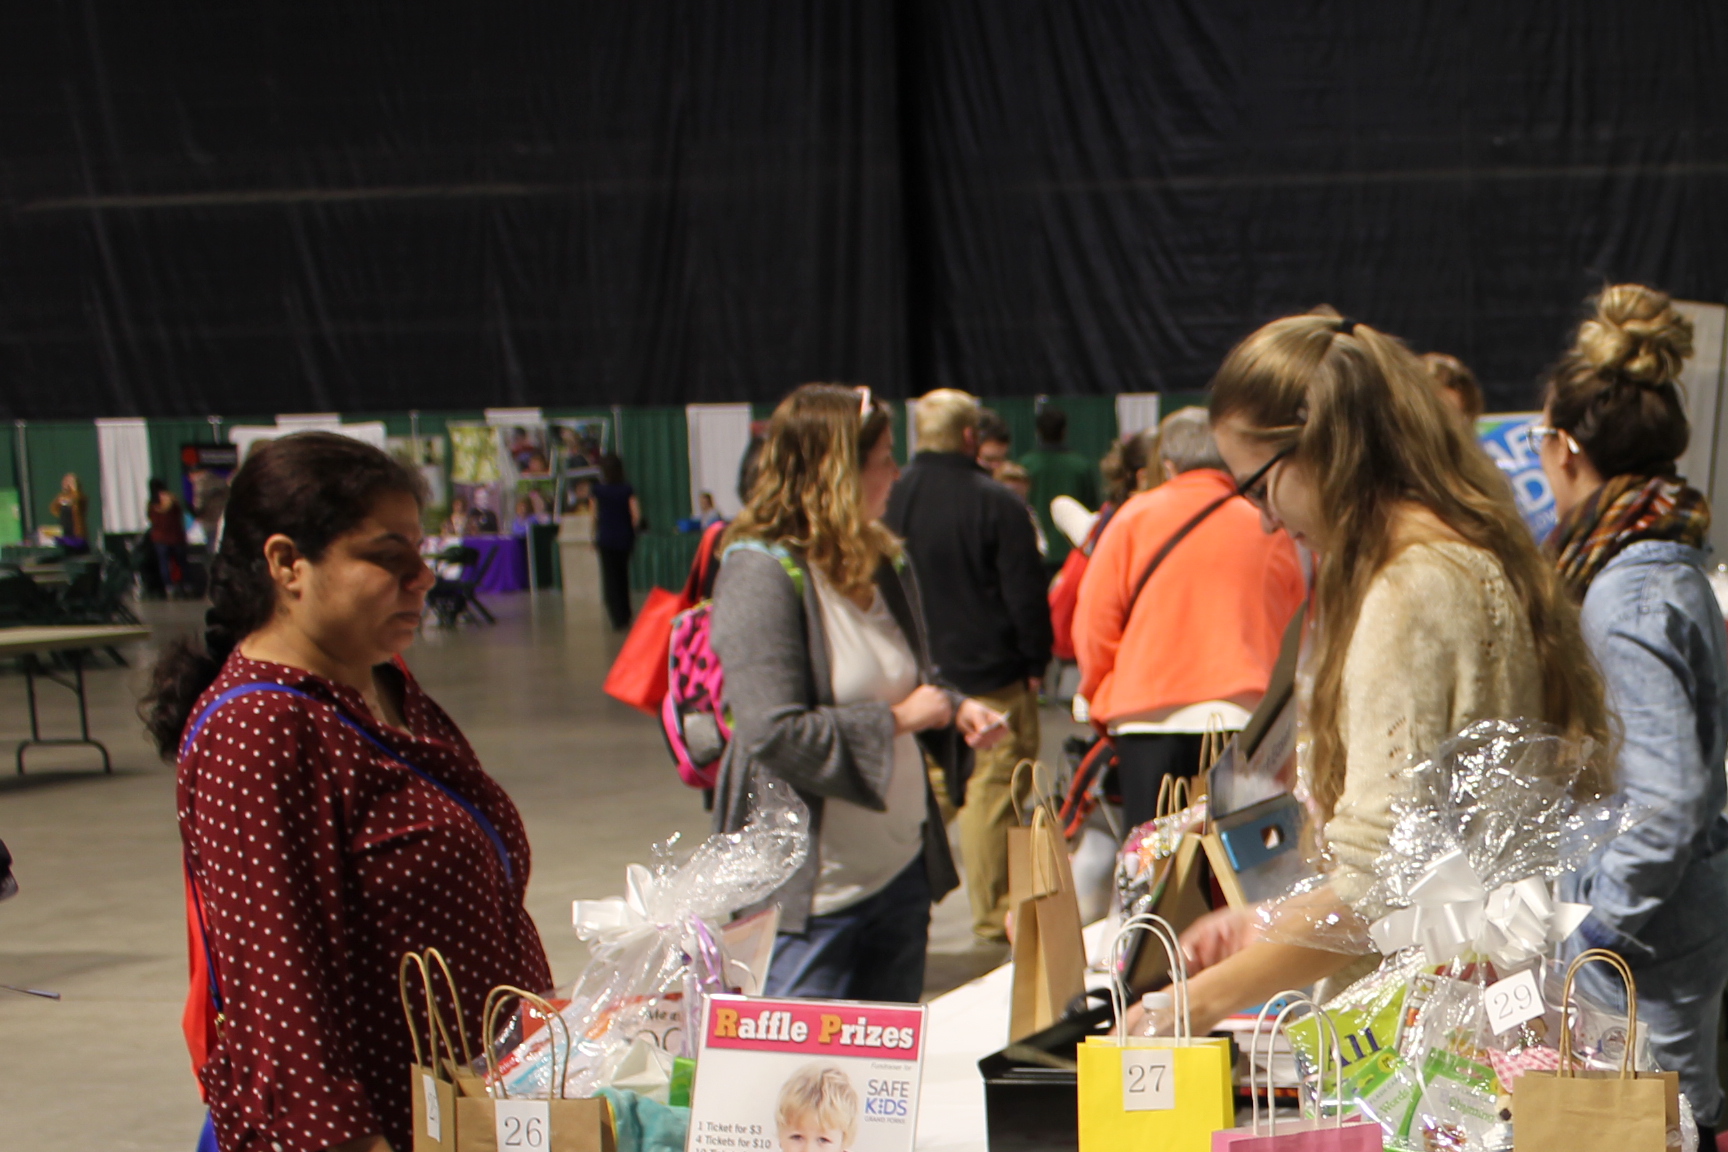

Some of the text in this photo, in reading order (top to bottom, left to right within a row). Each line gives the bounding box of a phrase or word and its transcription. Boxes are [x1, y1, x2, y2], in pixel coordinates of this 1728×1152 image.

[1494, 983, 1532, 1020] 29
[714, 1008, 915, 1050] Raffle Prizes
[867, 1078, 910, 1098] SAFE
[1128, 1064, 1167, 1093] 27
[504, 1116, 543, 1148] 26
[705, 1134, 735, 1147] Tickets
[738, 1137, 750, 1148] for
[752, 1138, 772, 1150] $10
[706, 1121, 732, 1134] Ticket
[735, 1124, 748, 1134] for
[750, 1124, 763, 1136] $3

········

WHAT YOU ARE ASKED TO DO: Every line above must be printed again exactly, pictures excluded.

ANSWER AREA:
Some of the text in this photo, in reading order (top to bottom, left to right within a row). Each line gives the bounding box of a phrase or word and its transcription. Boxes are [x1, y1, x2, y2], in pixel coordinates of this 1728×1152 image.

[1494, 983, 1532, 1020] 29
[714, 1008, 915, 1050] Raffle Prizes
[867, 1078, 910, 1098] SAFE
[1128, 1064, 1167, 1093] 27
[504, 1116, 543, 1148] 26
[705, 1134, 735, 1147] Tickets
[738, 1137, 750, 1148] for
[752, 1138, 772, 1150] $10
[706, 1121, 732, 1134] Ticket
[735, 1124, 748, 1134] for
[750, 1124, 763, 1136] $3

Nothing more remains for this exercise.